Lipopolysaccharide-responsive and beige-like anchor (LRBA) deficiency is a primary immunodeficiency disorder characterized by autoimmunity, recurrent infections, and hypogammaglobulinemia. It is caused by mutations in the LRBA gene, which encodes the LRBA protein crucial for the regulation of immune cell activation. LRBA mediates the cycling of cytotoxic T-lymphocyte-associated protein-4 (CTLA-4) from the endosomes to the surface of T cells, where it acts as a competitive inhibitor of the co-activator CD28, resulting in diminished T cells activation. CTLA-4 is constitutively expressed in Tregs, while its expression in T effector (Teff) cells is dependent on their activation. Therefore, in the absence of LRBA, CTLA-4 surface expression is impaired, resulting in the inability of Teff cells to self-regulate, and that of Tregs to inhibit Teff cell activation, predisposing the patients to immunodysregulation.
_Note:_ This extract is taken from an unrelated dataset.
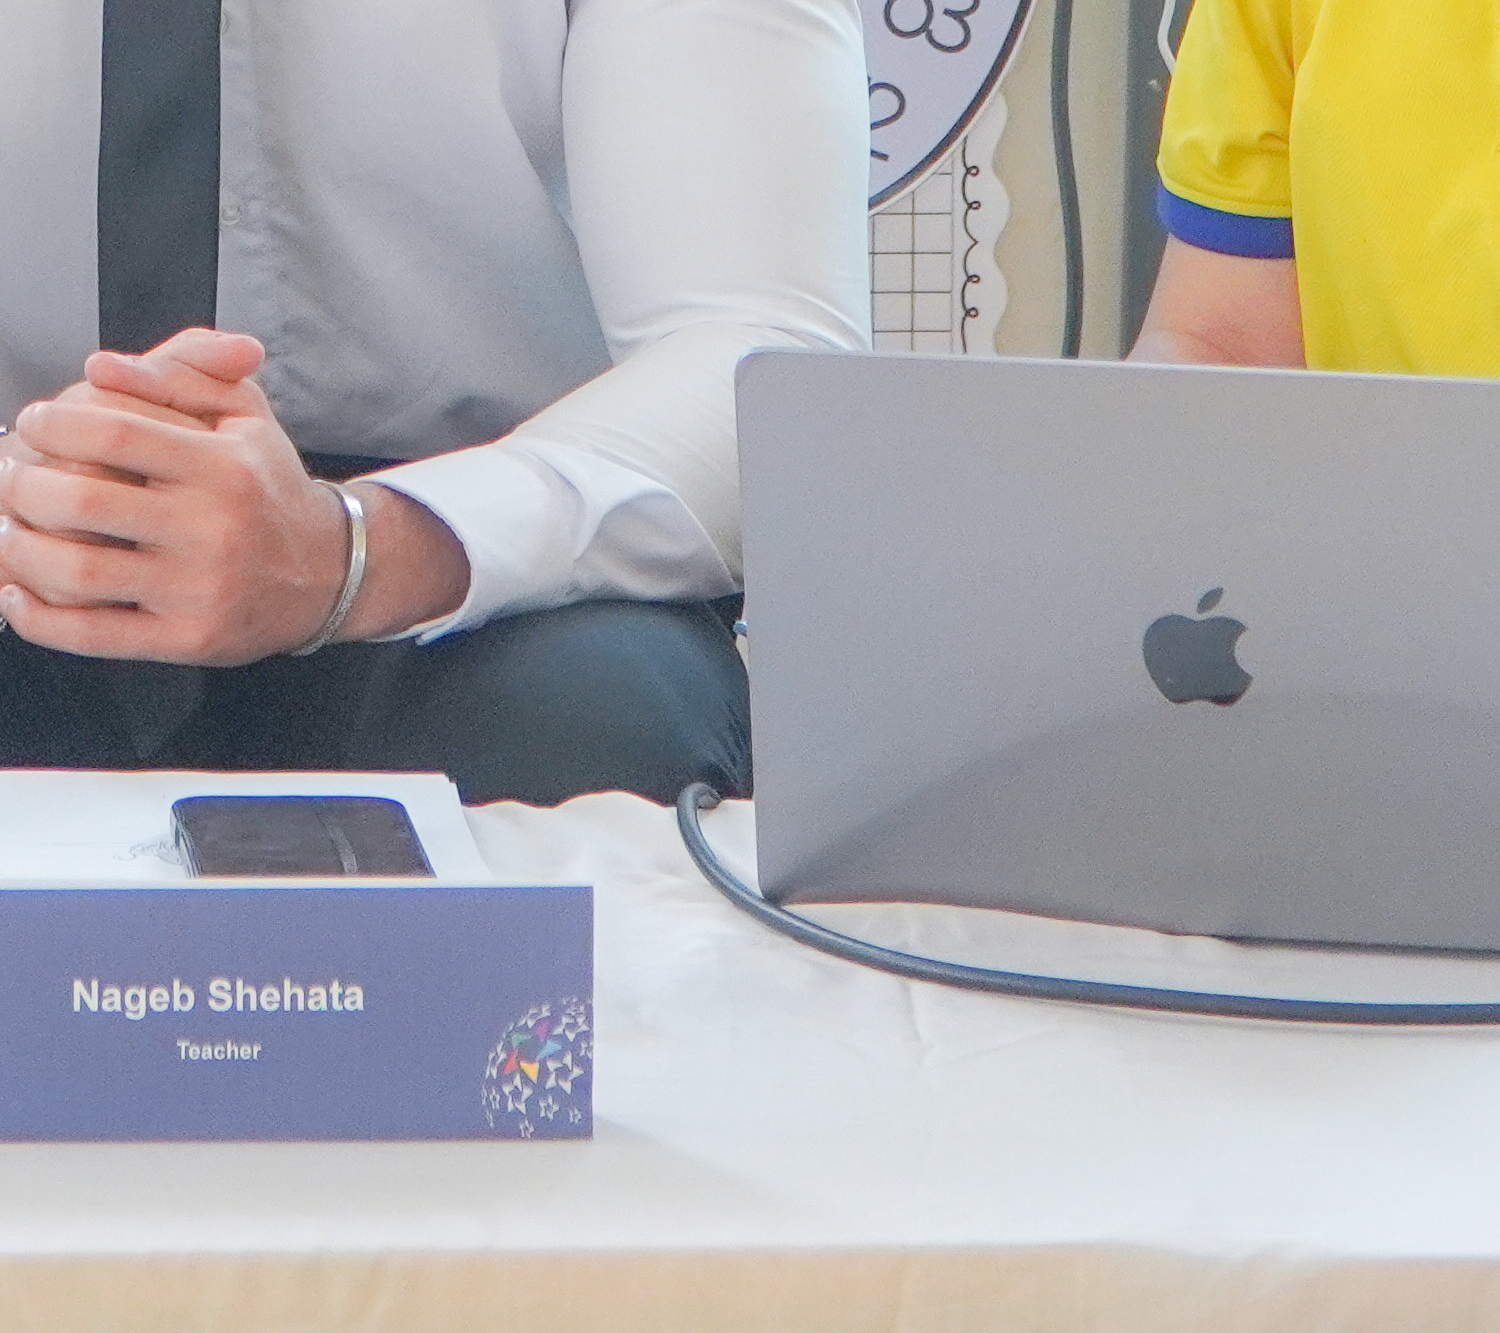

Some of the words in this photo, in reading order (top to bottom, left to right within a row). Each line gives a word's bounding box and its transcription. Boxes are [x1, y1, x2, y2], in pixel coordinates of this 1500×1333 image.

[71, 978, 196, 1020] Nageb
[209, 976, 366, 1013] Shehata
[176, 1038, 262, 1062] Teacher
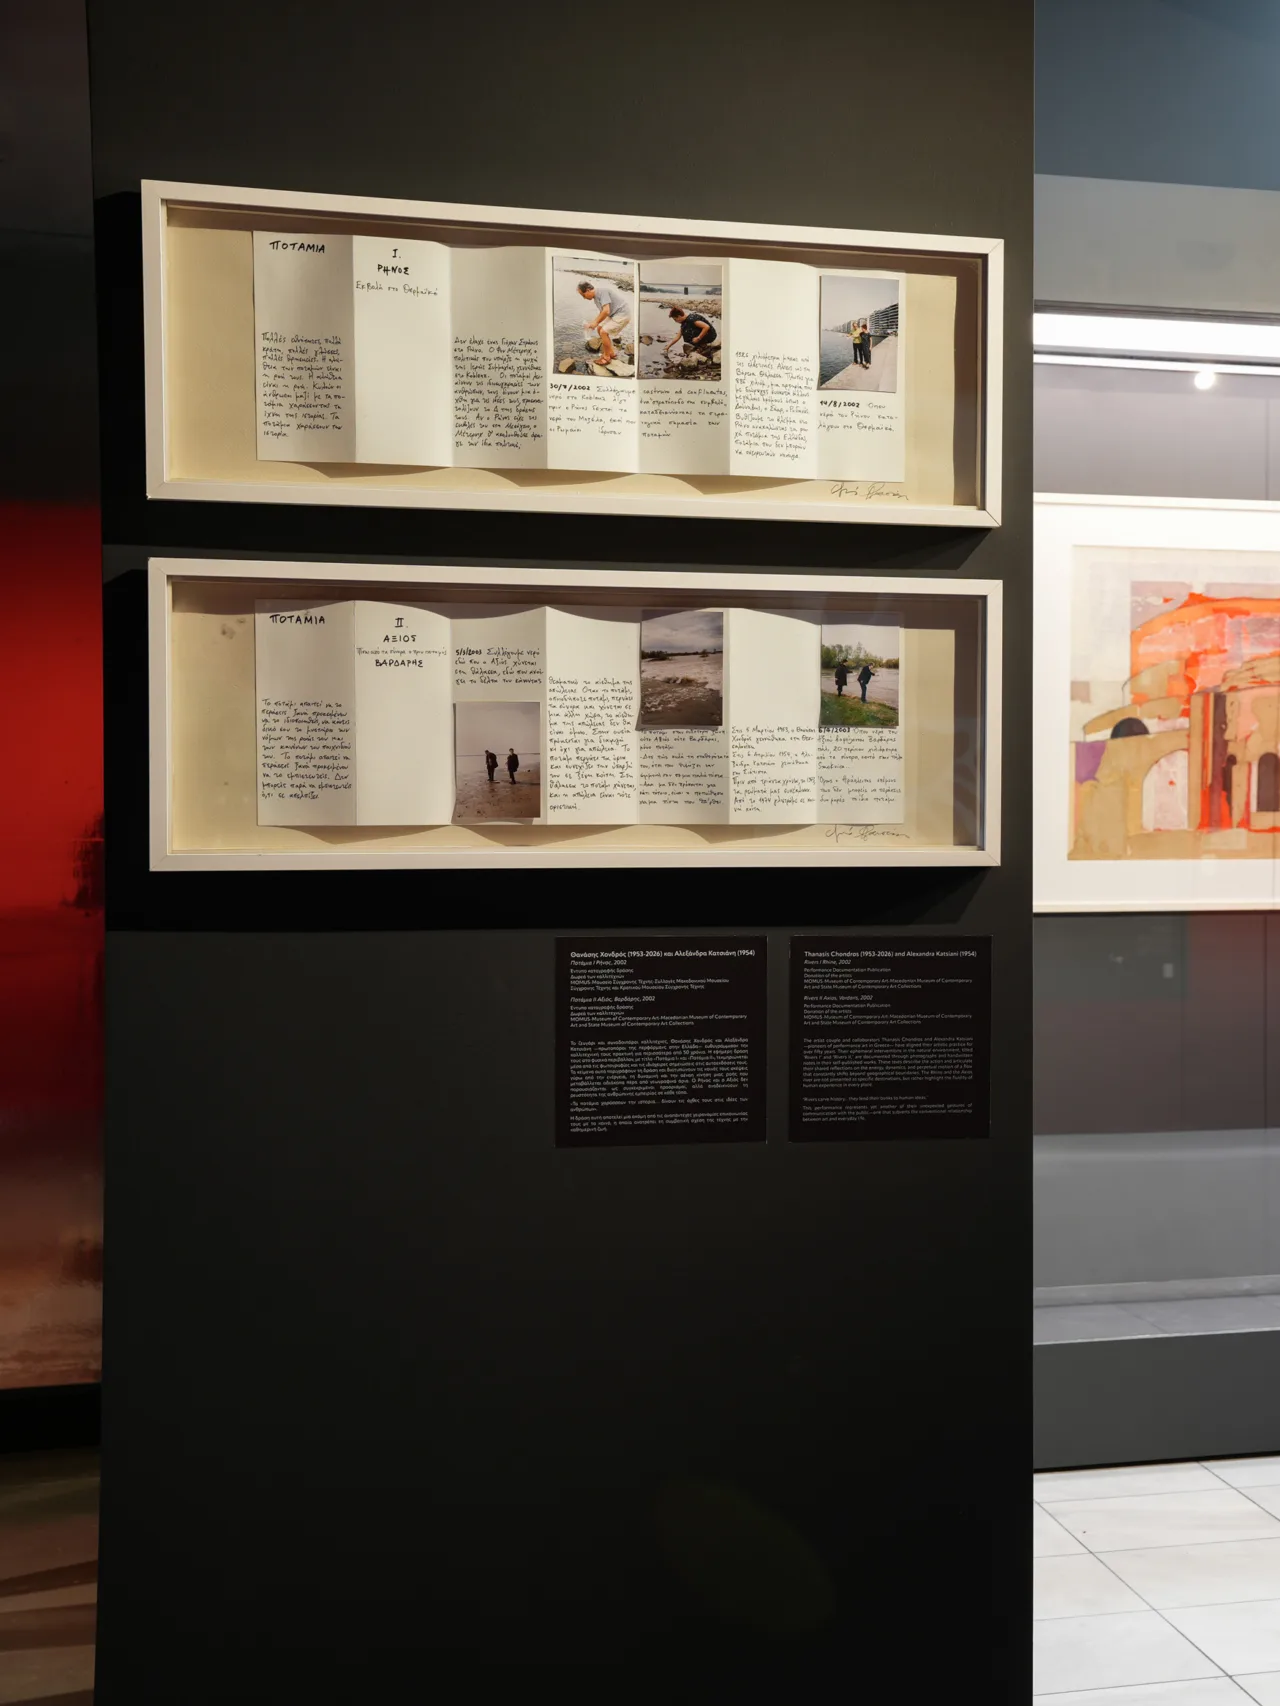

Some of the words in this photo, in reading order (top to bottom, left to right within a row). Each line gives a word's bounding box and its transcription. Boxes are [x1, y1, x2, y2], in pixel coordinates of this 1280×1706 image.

Using next generation sequencing, we identified a homozygous mutation in LRBA that abolishes protein expression in a female patient. Surprisingly, she presents with an unusually mild clinical course of her disease, which differentiates her from most patients with LRBA deficiency. A detailed immunophenotyping demonstrated normal T cell development but decreased memory B cells percentage and IgG secretion. Consistent with other patients, the expression of CTLA-4 on Tregs was severely diminished in the patient. However, activation of Teff cells was abnormal in the patient and the expression of CTLA-4 on their surface was slightly increased. Since the role of LRBA in CTLA-4 expression was only studied in Tregs, it was believed that regulation of CLTA-4 was also defective in Teff cells from patients with LRBA deficiency. However, our results suggest that the expression of CTLA-4 in Teff cells might not depend entirely on LRBA, and patients with a mild course of the disease might have a compensatory mechanism. This represents the first study that focuses on CTLA4 expression on Teff cells in patients with LRBA deficiency, and might have uncovered a different mechanism of CTLA-4 regulation in Teff cells that is different than that in Tregs.